A former OpenAI employee who said the company had violated copyright laws during work on its ChatGPT chatbot has been found dead, authrotities confirmed this week.
According to CNBC, San Francisco police and the Office of the Chief Medical Examiner confirmed that Suchir Balaji, 26, was found dead inside his Buchanan Street apartment on Nov. 26.
The medical examiner’s office said Balaji had committed suicide and this week police officials said there was “currently, no evidence of foul play.”
However, information that he held was expected to play a key part in lawsuits against the San Francisco-based company.
Silicon Valley reports: Balaji’s death comes three months after he publicly accused OpenAI of violating U.S. copyright law while developing ChatGPT, a generative artificial intelligence program that has become a moneymaking sensation used by hundreds of millions of people across the world.
Its public release in late 2022 spurred a torrent of lawsuits against OpenAI from authors, computer programmers and journalists, who say the company illegally stole their copyrighted material to train its program and elevate its value past $150 billion.
The Mercury News and seven sister news outlets are among several newspapers, including the New York Times, to sue OpenAI in the past year.
In an interview with the New York Times published Oct. 23, Balaji argued OpenAI was harming businesses and entrepreneurs whose data were used to train ChatGPT.

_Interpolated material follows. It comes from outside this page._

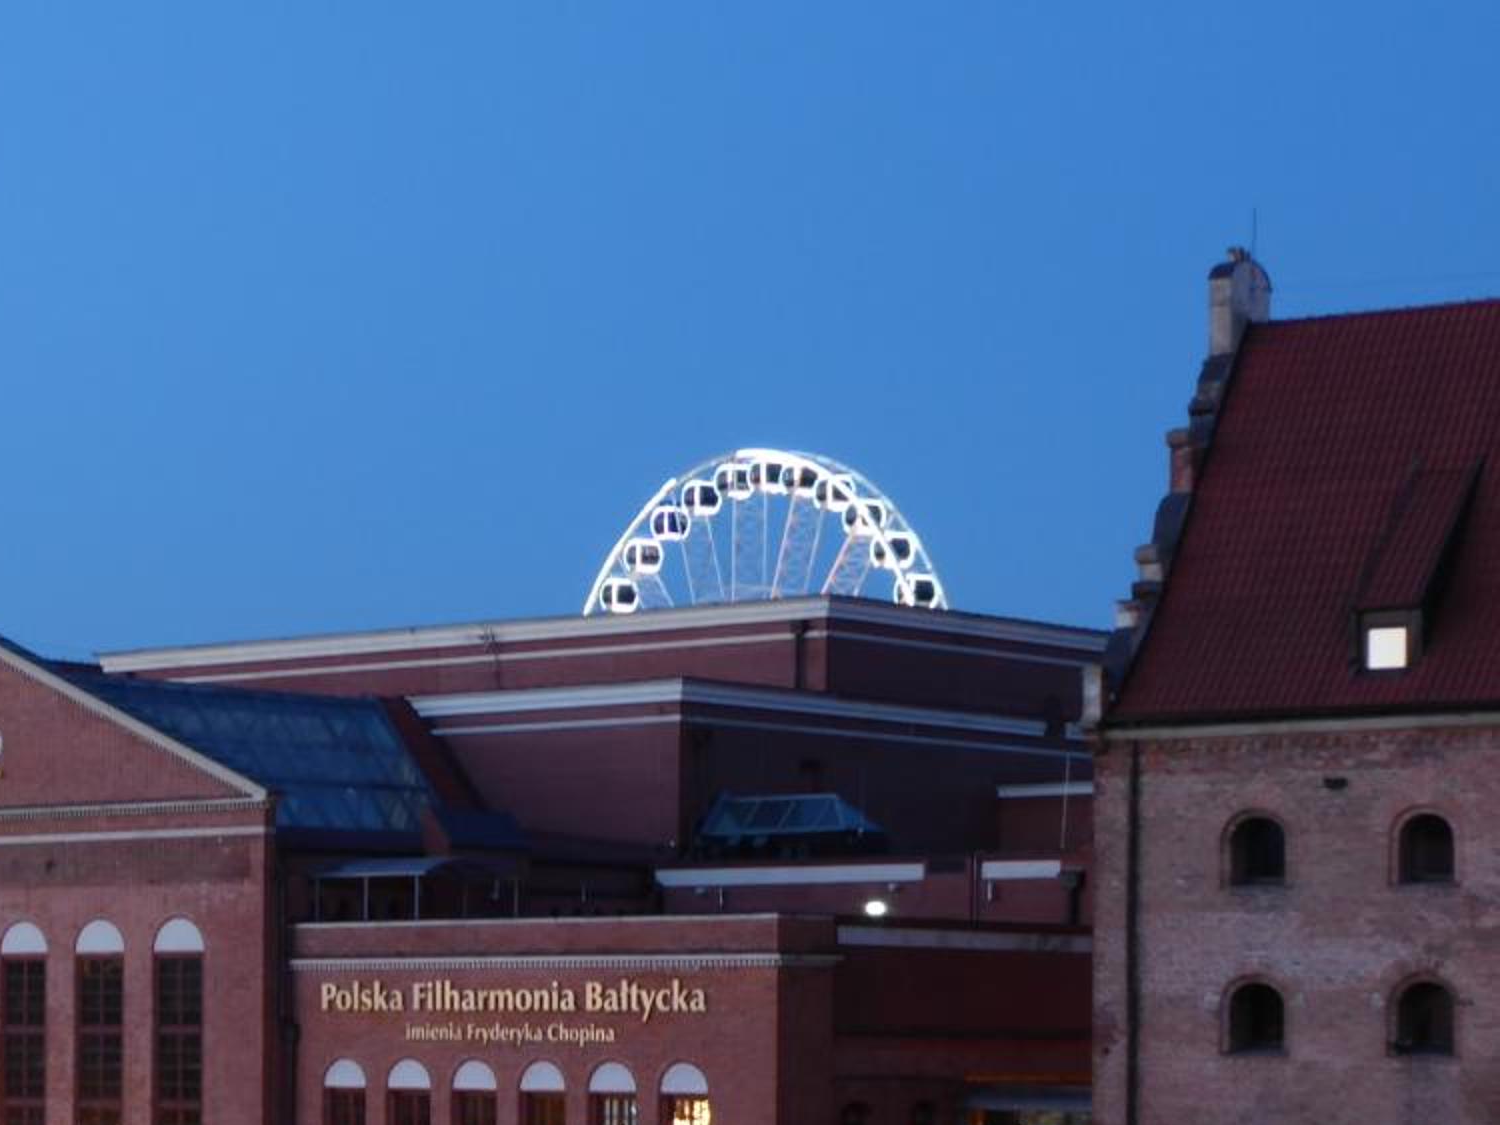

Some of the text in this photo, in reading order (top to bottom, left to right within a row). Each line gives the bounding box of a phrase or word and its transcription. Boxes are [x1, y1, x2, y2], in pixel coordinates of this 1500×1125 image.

“If you believe what I believe, you have to just leave the company,” he told the outlet, adding that “this is not a sustainable model for the internet ecosystem as a whole.”
Balaji grew up in Cupertino before attending UC Berkeley to study computer science. It was then he became a believer in the potential benefits that artificial intelligence could offer society, including its ability to cure diseases and stop aging, the Times reported. “I thought we could invent some kind of scientist that could help solve them,” he told the newspaper.
But his outlook began to sour in 2022, two years after joining OpenAI as a researcher. He grew particularly concerned about his assignment of gathering data from the internet for the company’s GPT-4 program, which analyzed text from nearly the entire internet to train its artificial intelligence program, the news outlet reported.